* ABOUT THIS EXERCISE *
Hand back all records exactly, pictures omitted.

* EXERCISE MATERIALS *

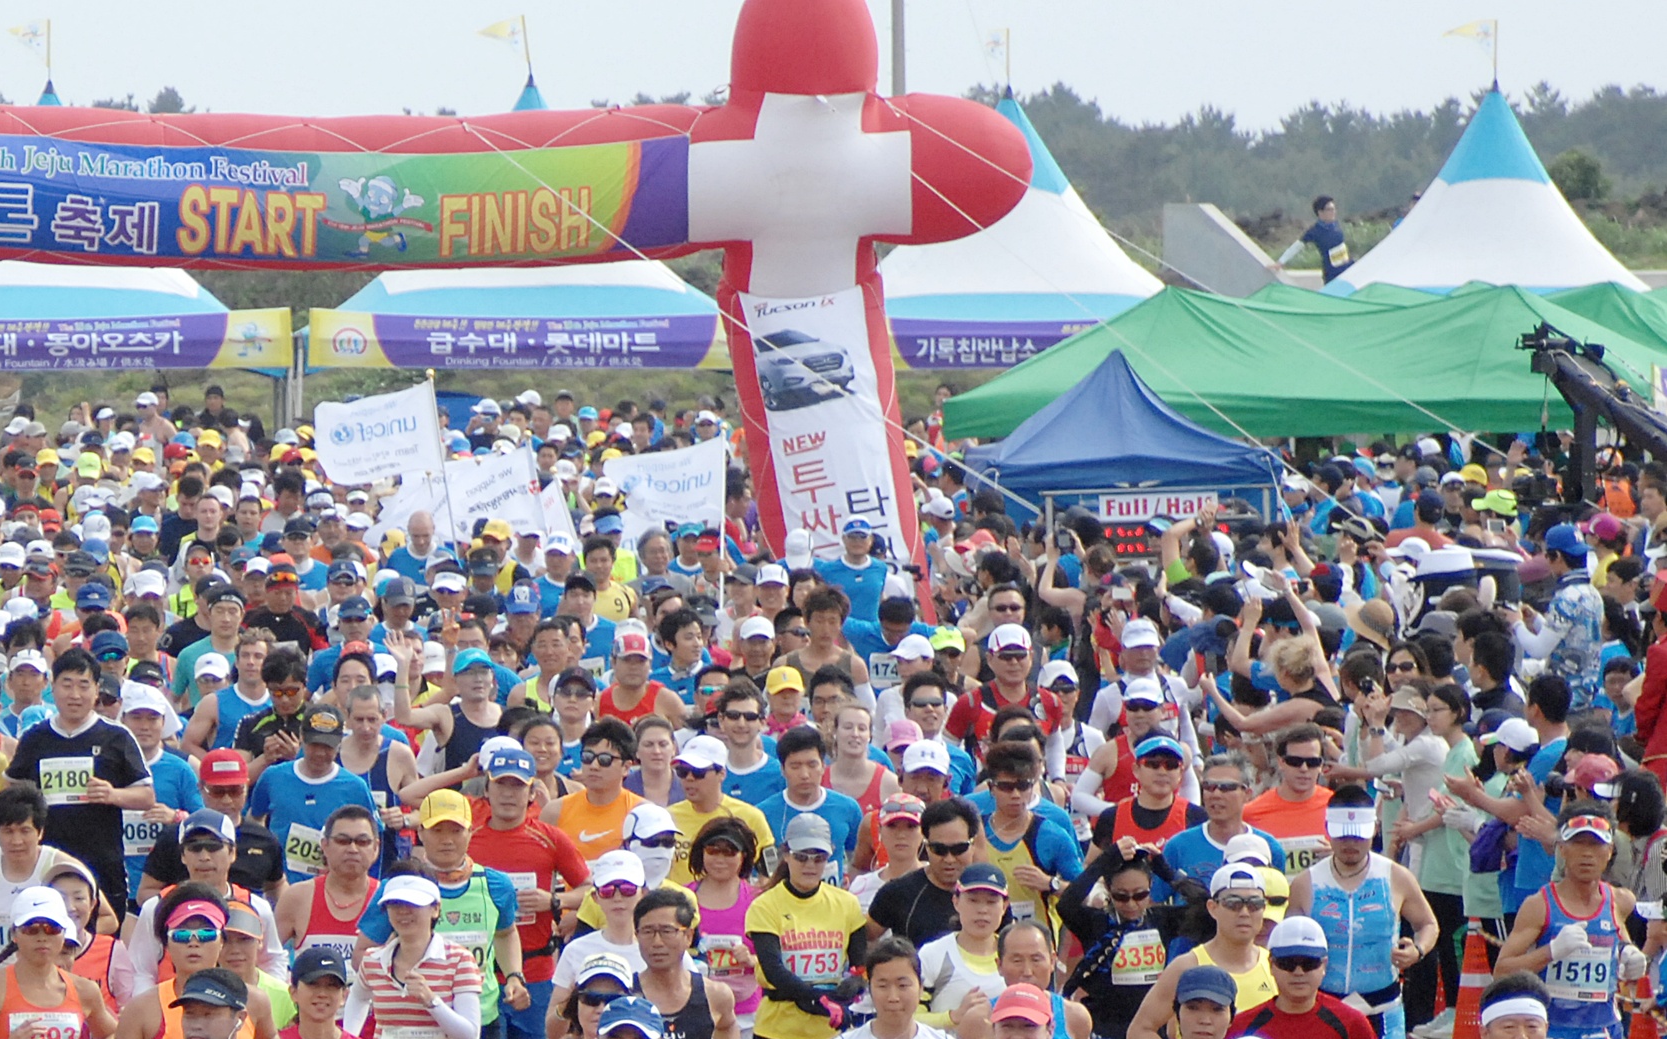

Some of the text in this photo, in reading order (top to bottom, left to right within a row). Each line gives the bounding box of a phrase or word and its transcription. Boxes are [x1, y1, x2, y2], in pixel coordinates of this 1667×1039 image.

[21, 144, 74, 177] Jeju
[78, 150, 205, 181] Marathon
[208, 156, 309, 187] Festival
[50, 192, 160, 254] 축제
[176, 182, 327, 260] START
[438, 185, 593, 259] FINISH
[43, 330, 185, 355] 동아오츠카
[426, 332, 661, 355] 급수대 롯데마트
[914, 336, 1037, 360] 기록칩반납소
[5, 358, 50, 369] Fountain
[445, 356, 490, 368] Drinking
[493, 356, 538, 366] Fountain
[781, 430, 827, 454] NEW
[1105, 498, 1148, 517] Full
[613, 596, 624, 613] 9
[872, 661, 900, 678] 174
[43, 770, 90, 790] 2180
[124, 822, 160, 842] 068
[286, 834, 324, 862] 205
[780, 928, 844, 951] diadora
[785, 952, 840, 975] 1753
[1114, 945, 1167, 970] 3356
[1551, 960, 1608, 984] 1519

* RESPONSE *
Some of the text in this photo, in reading order (top to bottom, left to right within a row). Each line gives the bounding box of a phrase or word and its transcription. Boxes are [x1, y1, x2, y2], in pixel coordinates of this 1667×1039 image.

[21, 144, 74, 177] Jeju
[78, 150, 205, 181] Marathon
[208, 156, 309, 187] Festival
[50, 192, 160, 254] 축제
[176, 182, 327, 260] START
[438, 185, 593, 259] FINISH
[43, 330, 185, 355] 동아오츠카
[426, 332, 661, 355] 급수대 롯데마트
[914, 336, 1037, 360] 기록칩반납소
[5, 358, 50, 369] Fountain
[445, 356, 490, 368] Drinking
[493, 356, 538, 366] Fountain
[781, 430, 827, 454] NEW
[1105, 498, 1148, 517] Full
[613, 596, 624, 613] 9
[872, 661, 900, 678] 174
[43, 770, 90, 790] 2180
[124, 822, 160, 842] 068
[286, 834, 324, 862] 205
[780, 928, 844, 951] diadora
[785, 952, 840, 975] 1753
[1114, 945, 1167, 970] 3356
[1551, 960, 1608, 984] 1519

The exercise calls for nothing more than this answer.